EXERCISE MATERIALS: Begin

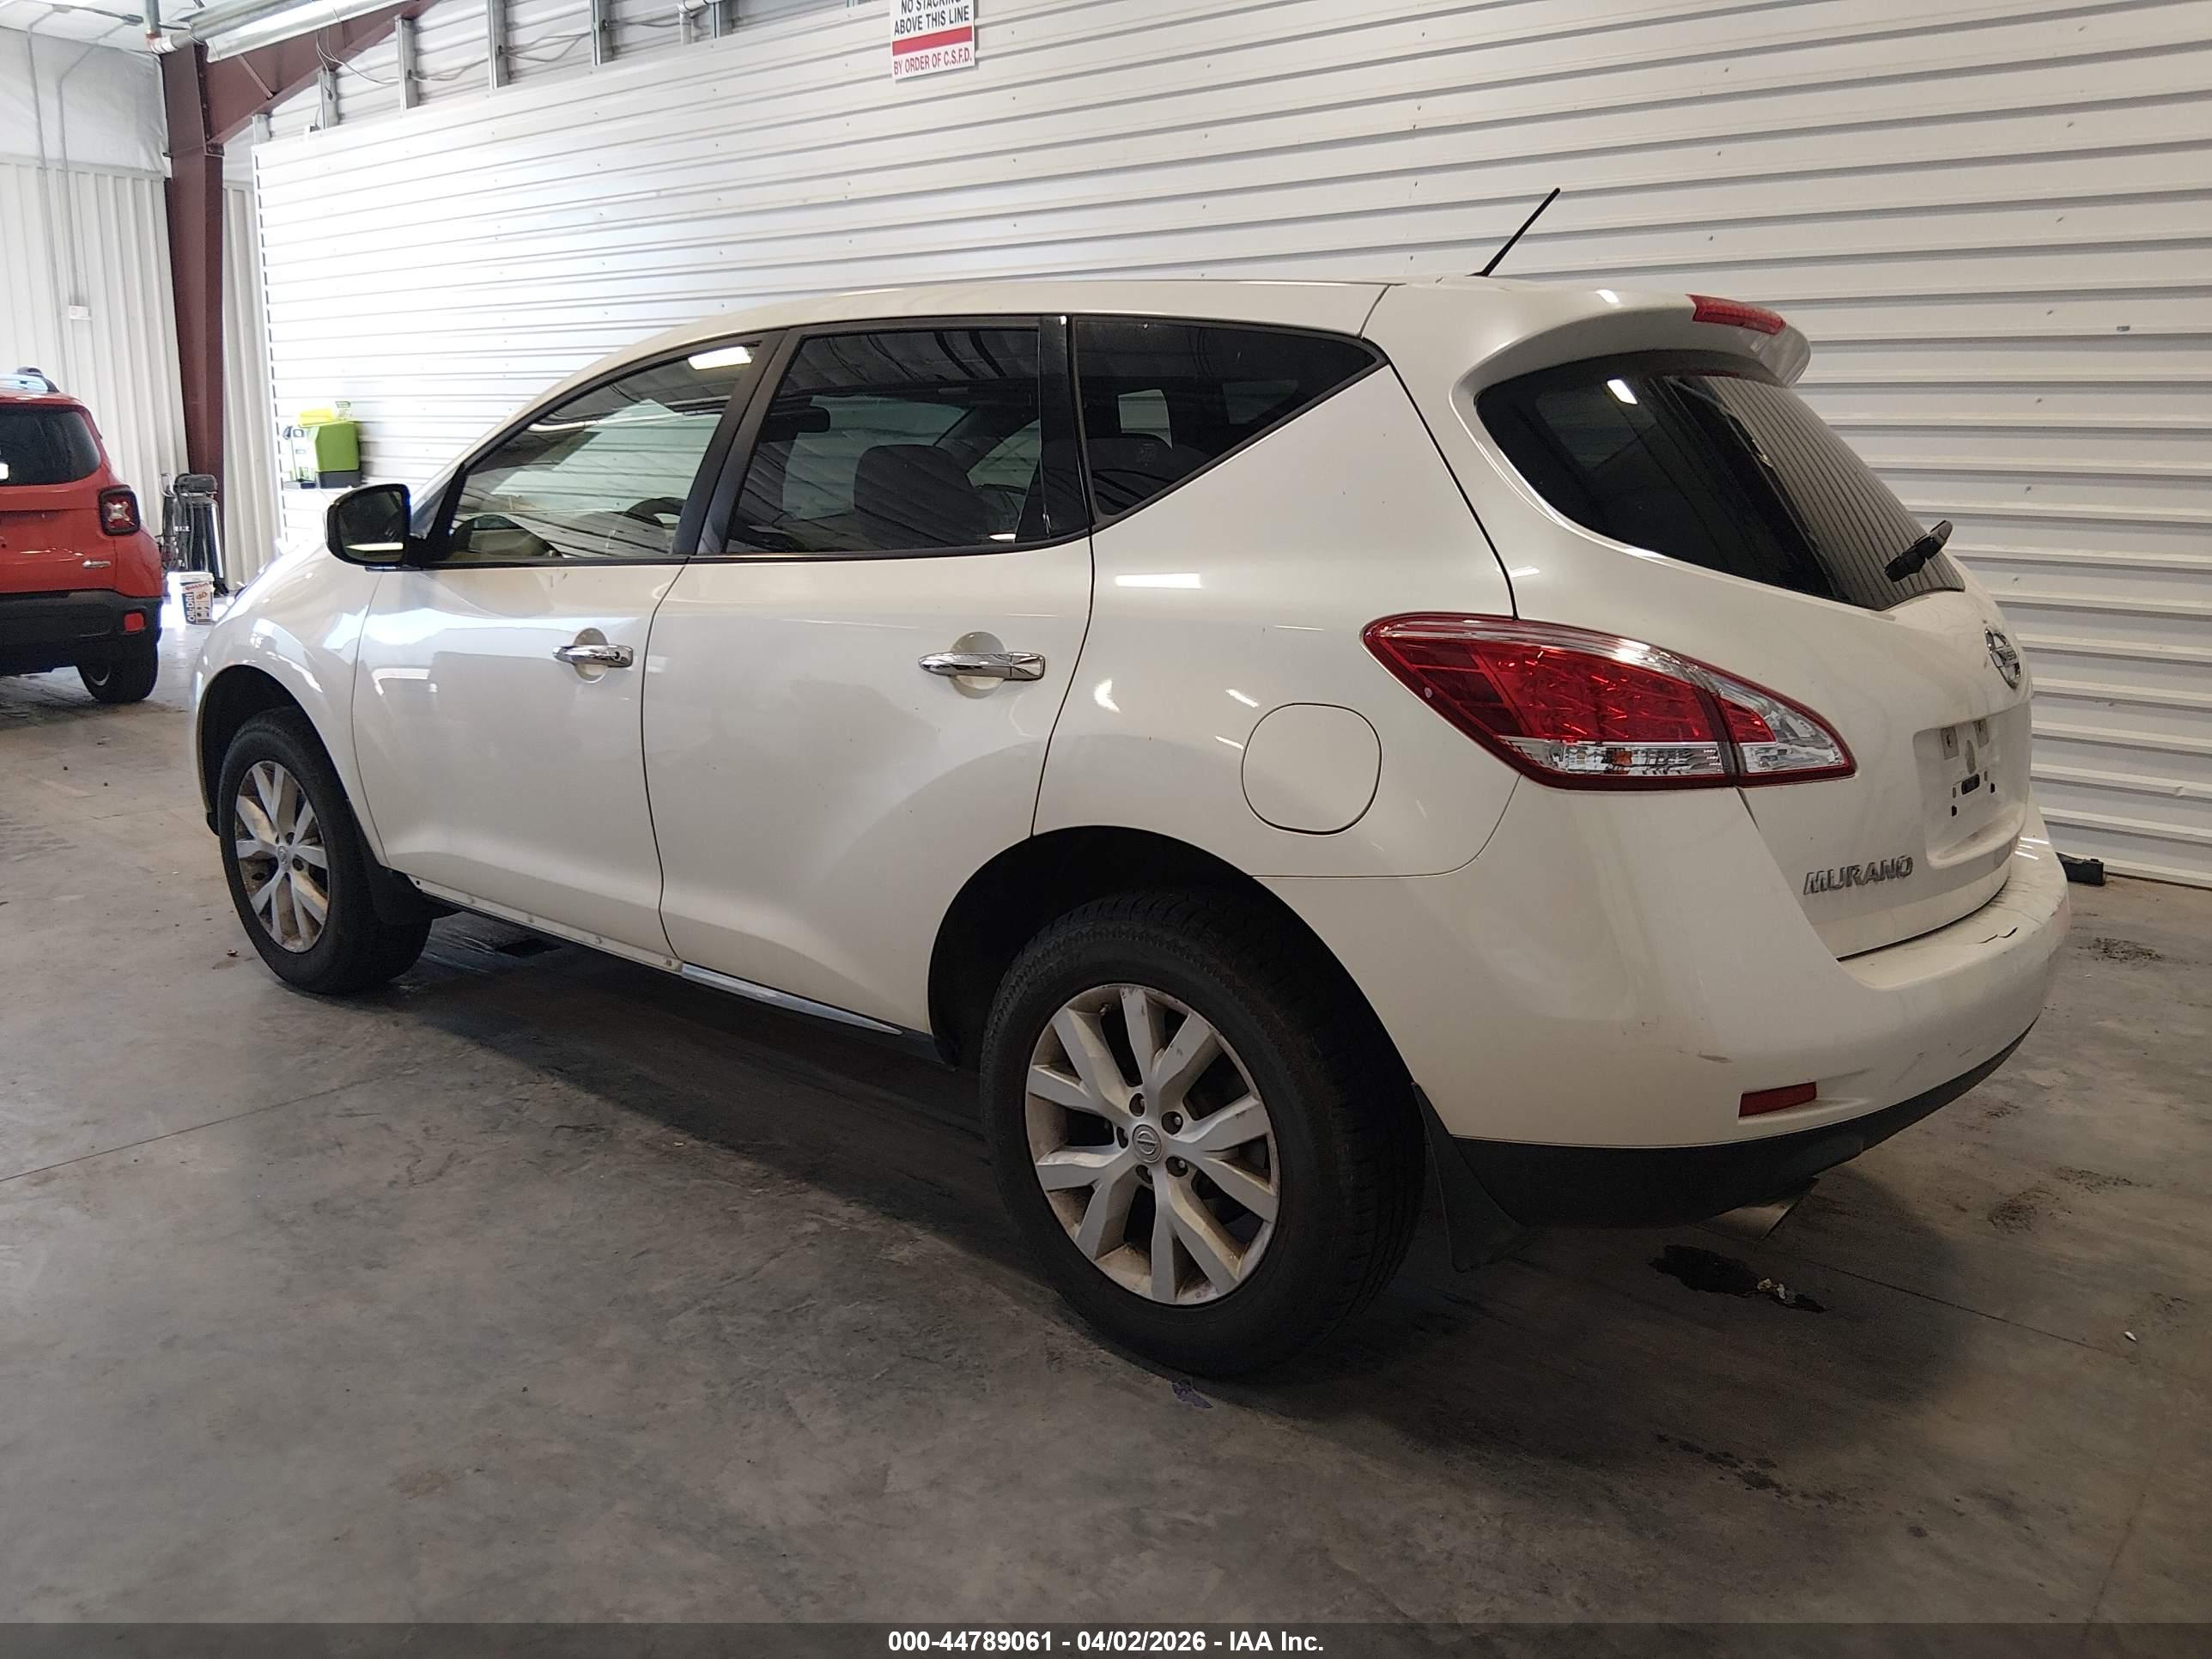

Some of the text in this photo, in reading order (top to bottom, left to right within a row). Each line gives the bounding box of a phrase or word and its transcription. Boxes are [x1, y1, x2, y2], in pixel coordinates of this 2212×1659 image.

[894, 5, 969, 36] ABOVE THIS LINE
[901, 0, 961, 15] NO STAC
[893, 47, 972, 76] BY ORDER OF C.S.F.D.
[1803, 854, 1914, 896] MURANO

EXERCISE MATERIALS: End

TASK TO CARRY OUT: Since the pictures are not wanted, copy only the text of the records above, exactly.

ANSWER BOX:
Some of the text in this photo, in reading order (top to bottom, left to right within a row). Each line gives the bounding box of a phrase or word and its transcription. Boxes are [x1, y1, x2, y2], in pixel coordinates of this 2212×1659 image.

[894, 5, 969, 36] ABOVE THIS LINE
[901, 0, 961, 15] NO STAC
[893, 47, 972, 76] BY ORDER OF C.S.F.D.
[1803, 854, 1914, 896] MURANO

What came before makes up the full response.